(Input for this task)

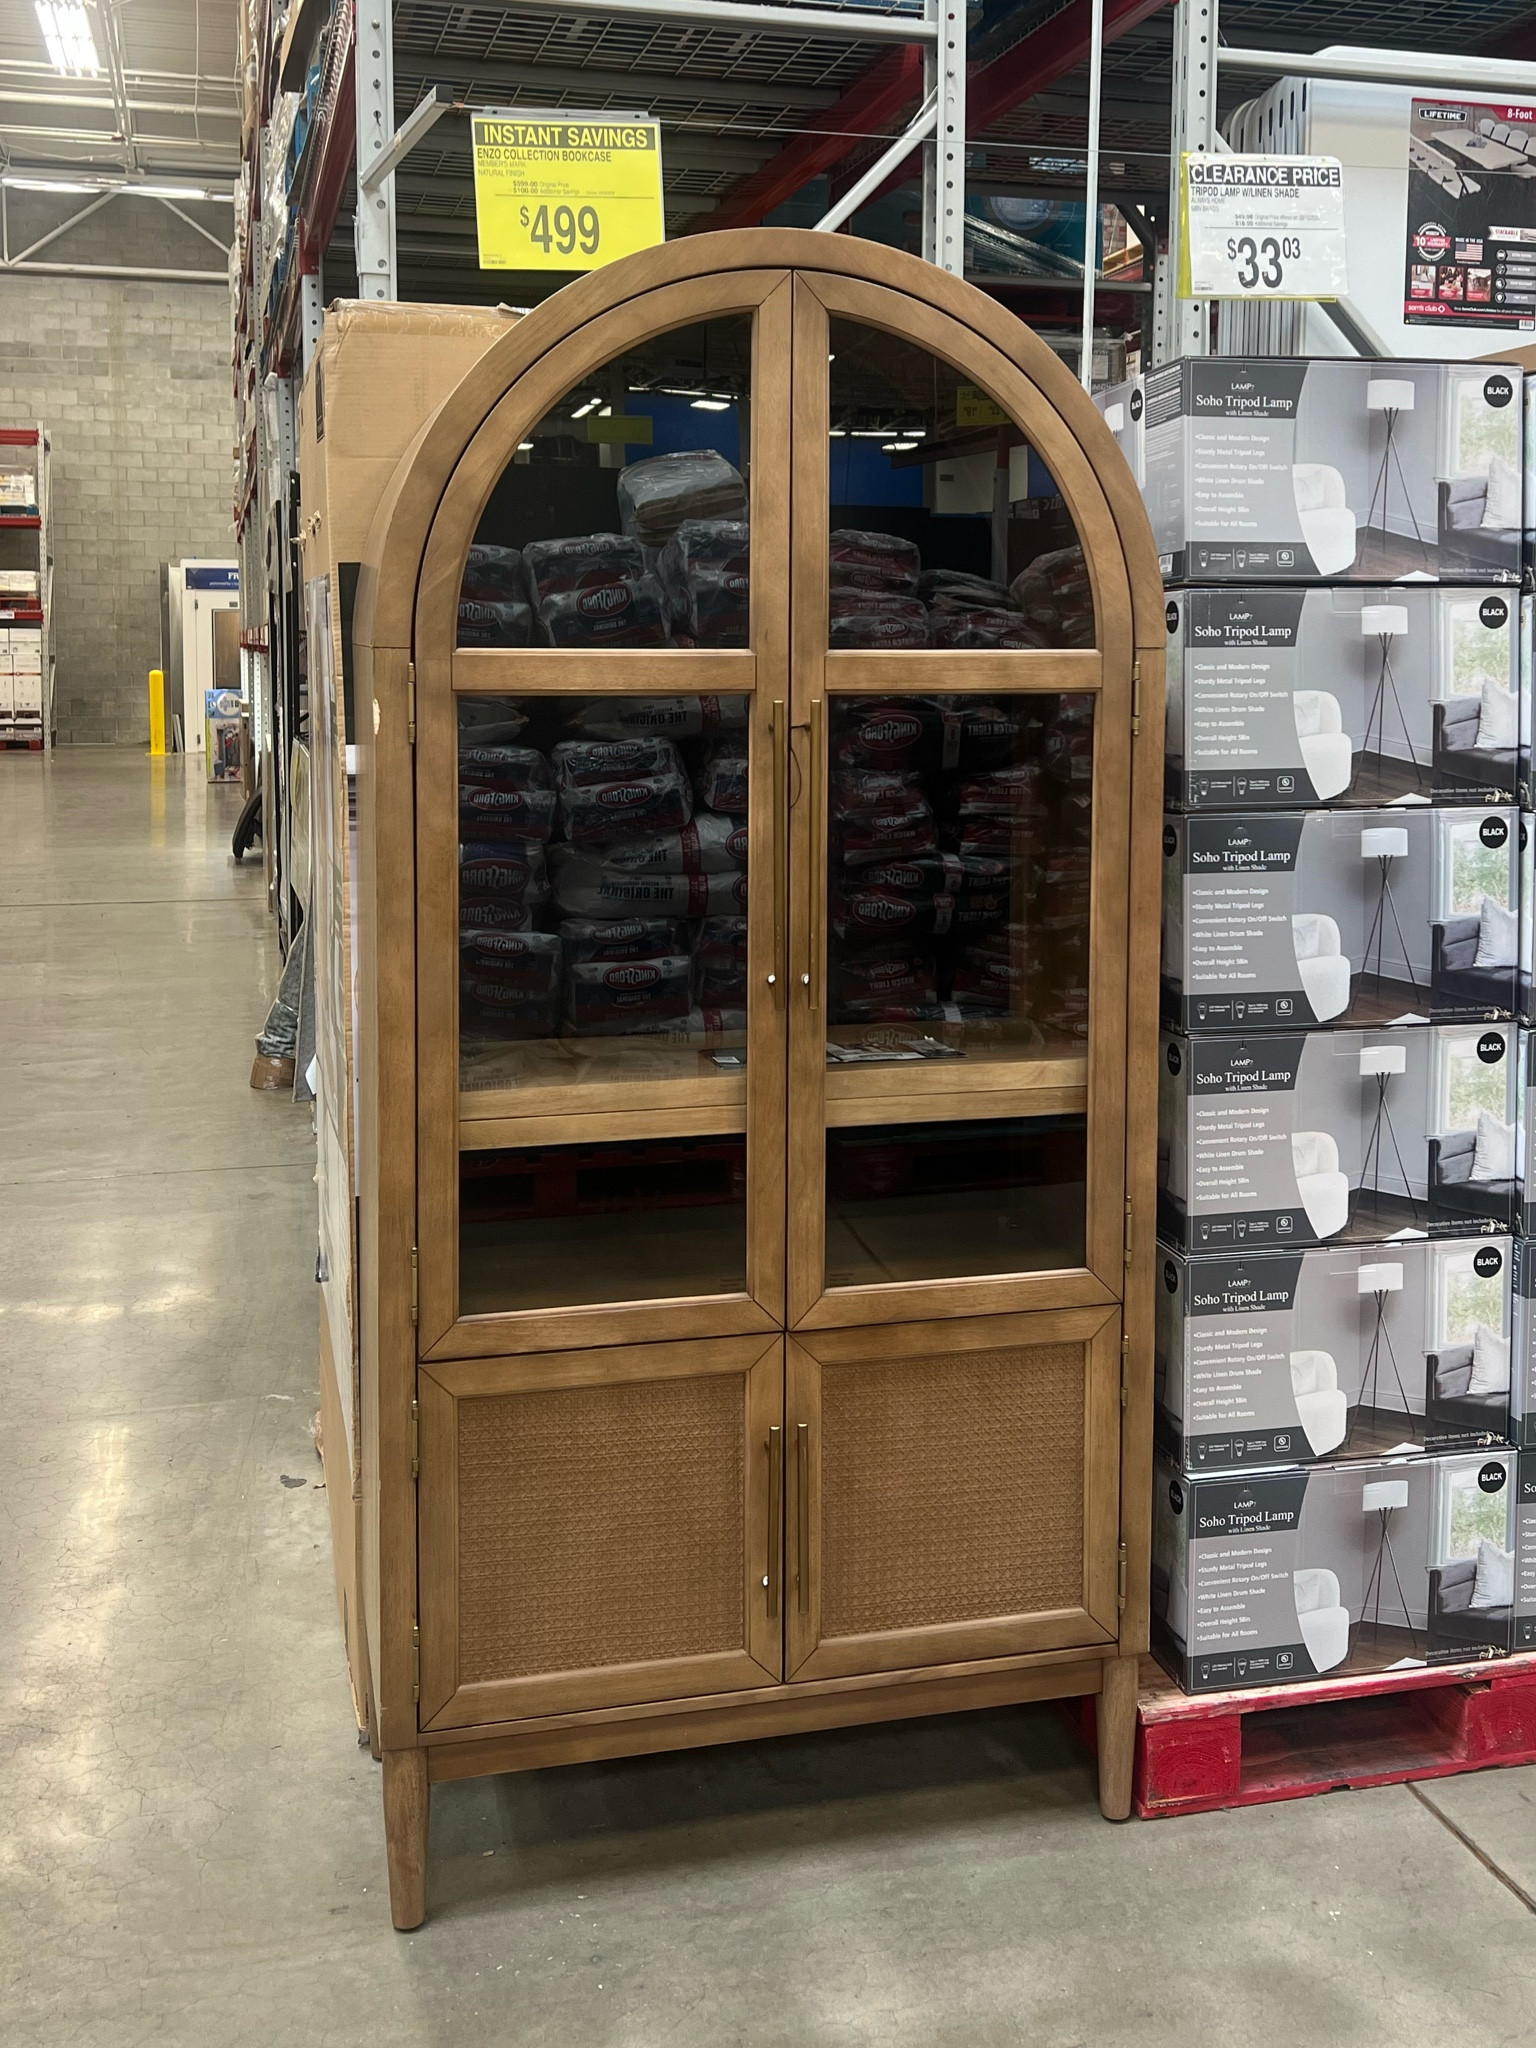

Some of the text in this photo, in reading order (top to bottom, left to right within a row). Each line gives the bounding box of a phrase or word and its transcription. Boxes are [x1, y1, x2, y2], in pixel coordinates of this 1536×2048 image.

[1424, 110, 1461, 120] LIFETIME
[1507, 109, 1532, 119] 8-Foot
[484, 125, 648, 147] INSTANT SAVINGS
[478, 149, 611, 161] ENZO COLLECTION BOOKCASE
[1191, 166, 1339, 185] CLEARANCE PRICE
[1191, 186, 1299, 198] TRIPOD LAMP W/LINEN SHADE
[520, 205, 599, 254] $499
[1416, 237, 1426, 246] 10
[1487, 387, 1508, 395] BLACK
[1196, 395, 1292, 410] Soho Tripod Lamp
[1482, 608, 1504, 616] BLACK
[1195, 626, 1291, 639] Soho Tripod Lamp
[1482, 828, 1504, 836] BLACK
[1193, 851, 1290, 864] Soho Tripod Lamp
[1480, 1044, 1501, 1052] BLACK
[1197, 1071, 1291, 1084] Soho Tripod Lamp
[1477, 1258, 1498, 1266] BLACK
[1194, 1291, 1289, 1305] Soho Tripod Lamp
[1481, 1473, 1502, 1481] BLACK
[1200, 1511, 1294, 1527] Soho Tripod Lamp
[1201, 1578, 1230, 1586] Convenient
[1220, 1603, 1245, 1611] Assemble
[1200, 1619, 1218, 1627] Overall
[1200, 1633, 1220, 1641] Suitable

(End Input for this task)

Transcribe every line of the listing above exactly; skip the pictures.

> **Expected answer**:
Some of the text in this photo, in reading order (top to bottom, left to right within a row). Each line gives the bounding box of a phrase or word and its transcription. Boxes are [x1, y1, x2, y2], in pixel coordinates of this 1536×2048 image.

[1424, 110, 1461, 120] LIFETIME
[1507, 109, 1532, 119] 8-Foot
[484, 125, 648, 147] INSTANT SAVINGS
[478, 149, 611, 161] ENZO COLLECTION BOOKCASE
[1191, 166, 1339, 185] CLEARANCE PRICE
[1191, 186, 1299, 198] TRIPOD LAMP W/LINEN SHADE
[520, 205, 599, 254] $499
[1416, 237, 1426, 246] 10
[1487, 387, 1508, 395] BLACK
[1196, 395, 1292, 410] Soho Tripod Lamp
[1482, 608, 1504, 616] BLACK
[1195, 626, 1291, 639] Soho Tripod Lamp
[1482, 828, 1504, 836] BLACK
[1193, 851, 1290, 864] Soho Tripod Lamp
[1480, 1044, 1501, 1052] BLACK
[1197, 1071, 1291, 1084] Soho Tripod Lamp
[1477, 1258, 1498, 1266] BLACK
[1194, 1291, 1289, 1305] Soho Tripod Lamp
[1481, 1473, 1502, 1481] BLACK
[1200, 1511, 1294, 1527] Soho Tripod Lamp
[1201, 1578, 1230, 1586] Convenient
[1220, 1603, 1245, 1611] Assemble
[1200, 1619, 1218, 1627] Overall
[1200, 1633, 1220, 1641] Suitable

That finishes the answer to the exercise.